▶ **Task statement**
Give the entries again, word for word.

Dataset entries
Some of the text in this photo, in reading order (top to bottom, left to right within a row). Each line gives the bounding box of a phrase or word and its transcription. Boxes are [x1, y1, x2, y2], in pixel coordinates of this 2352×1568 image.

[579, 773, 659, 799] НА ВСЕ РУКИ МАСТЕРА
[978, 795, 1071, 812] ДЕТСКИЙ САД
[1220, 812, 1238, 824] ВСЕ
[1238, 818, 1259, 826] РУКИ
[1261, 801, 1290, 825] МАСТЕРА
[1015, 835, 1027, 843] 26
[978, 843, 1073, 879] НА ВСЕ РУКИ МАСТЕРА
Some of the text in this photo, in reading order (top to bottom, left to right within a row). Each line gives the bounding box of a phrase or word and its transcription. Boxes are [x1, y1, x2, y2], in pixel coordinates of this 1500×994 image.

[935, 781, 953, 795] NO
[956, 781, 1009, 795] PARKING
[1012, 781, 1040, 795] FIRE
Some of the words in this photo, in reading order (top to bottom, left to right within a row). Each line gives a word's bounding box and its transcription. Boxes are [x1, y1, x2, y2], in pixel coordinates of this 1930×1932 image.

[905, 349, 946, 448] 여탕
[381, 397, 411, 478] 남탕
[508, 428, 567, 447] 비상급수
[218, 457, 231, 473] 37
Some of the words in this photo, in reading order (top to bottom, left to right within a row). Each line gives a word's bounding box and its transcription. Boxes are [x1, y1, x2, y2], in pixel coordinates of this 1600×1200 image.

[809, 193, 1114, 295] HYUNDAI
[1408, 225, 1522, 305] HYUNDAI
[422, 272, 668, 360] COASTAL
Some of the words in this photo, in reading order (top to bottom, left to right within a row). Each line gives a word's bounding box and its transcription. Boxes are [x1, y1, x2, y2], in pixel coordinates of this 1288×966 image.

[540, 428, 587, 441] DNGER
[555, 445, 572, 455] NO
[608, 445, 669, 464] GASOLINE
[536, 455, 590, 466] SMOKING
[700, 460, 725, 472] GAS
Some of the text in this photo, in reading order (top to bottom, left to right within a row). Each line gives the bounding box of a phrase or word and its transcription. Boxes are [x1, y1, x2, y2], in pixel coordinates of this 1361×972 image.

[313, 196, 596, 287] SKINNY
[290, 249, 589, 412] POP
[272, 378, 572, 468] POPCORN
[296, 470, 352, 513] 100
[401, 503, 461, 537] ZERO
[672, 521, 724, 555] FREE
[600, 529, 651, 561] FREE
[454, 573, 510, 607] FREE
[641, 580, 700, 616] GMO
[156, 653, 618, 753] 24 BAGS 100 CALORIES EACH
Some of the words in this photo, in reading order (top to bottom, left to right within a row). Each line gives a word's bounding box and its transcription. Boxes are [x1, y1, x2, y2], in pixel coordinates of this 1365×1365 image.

▶ **Answer space**
Some of the text in this photo, in reading order (top to bottom, left to right within a row). Each line gives the bounding box of a phrase or word and its transcription. Boxes are [x1, y1, x2, y2], in pixel coordinates of this 2352×1568 image.

[579, 773, 659, 799] НА ВСЕ РУКИ МАСТЕРА
[978, 795, 1071, 812] ДЕТСКИЙ САД
[1220, 812, 1238, 824] ВСЕ
[1238, 818, 1259, 826] РУКИ
[1261, 801, 1290, 825] МАСТЕРА
[1015, 835, 1027, 843] 26
[978, 843, 1073, 879] НА ВСЕ РУКИ МАСТЕРА
Some of the text in this photo, in reading order (top to bottom, left to right within a row). Each line gives the bounding box of a phrase or word and its transcription. Boxes are [x1, y1, x2, y2], in pixel coordinates of this 1500×994 image.

[935, 781, 953, 795] NO
[956, 781, 1009, 795] PARKING
[1012, 781, 1040, 795] FIRE
Some of the words in this photo, in reading order (top to bottom, left to right within a row). Each line gives a word's bounding box and its transcription. Boxes are [x1, y1, x2, y2], in pixel coordinates of this 1930×1932 image.

[905, 349, 946, 448] 여탕
[381, 397, 411, 478] 남탕
[508, 428, 567, 447] 비상급수
[218, 457, 231, 473] 37
Some of the words in this photo, in reading order (top to bottom, left to right within a row). Each line gives a word's bounding box and its transcription. Boxes are [x1, y1, x2, y2], in pixel coordinates of this 1600×1200 image.

[809, 193, 1114, 295] HYUNDAI
[1408, 225, 1522, 305] HYUNDAI
[422, 272, 668, 360] COASTAL
Some of the words in this photo, in reading order (top to bottom, left to right within a row). Each line gives a word's bounding box and its transcription. Boxes are [x1, y1, x2, y2], in pixel coordinates of this 1288×966 image.

[540, 428, 587, 441] DNGER
[555, 445, 572, 455] NO
[608, 445, 669, 464] GASOLINE
[536, 455, 590, 466] SMOKING
[700, 460, 725, 472] GAS
Some of the text in this photo, in reading order (top to bottom, left to right within a row). Each line gives the bounding box of a phrase or word and its transcription. Boxes are [x1, y1, x2, y2], in pixel coordinates of this 1361×972 image.

[313, 196, 596, 287] SKINNY
[290, 249, 589, 412] POP
[272, 378, 572, 468] POPCORN
[296, 470, 352, 513] 100
[401, 503, 461, 537] ZERO
[672, 521, 724, 555] FREE
[600, 529, 651, 561] FREE
[454, 573, 510, 607] FREE
[641, 580, 700, 616] GMO
[156, 653, 618, 753] 24 BAGS 100 CALORIES EACH
Some of the words in this photo, in reading order (top to bottom, left to right within a row). Each line gives a word's bounding box and its transcription. Boxes are [x1, y1, x2, y2], in pixel coordinates of this 1365×1365 image.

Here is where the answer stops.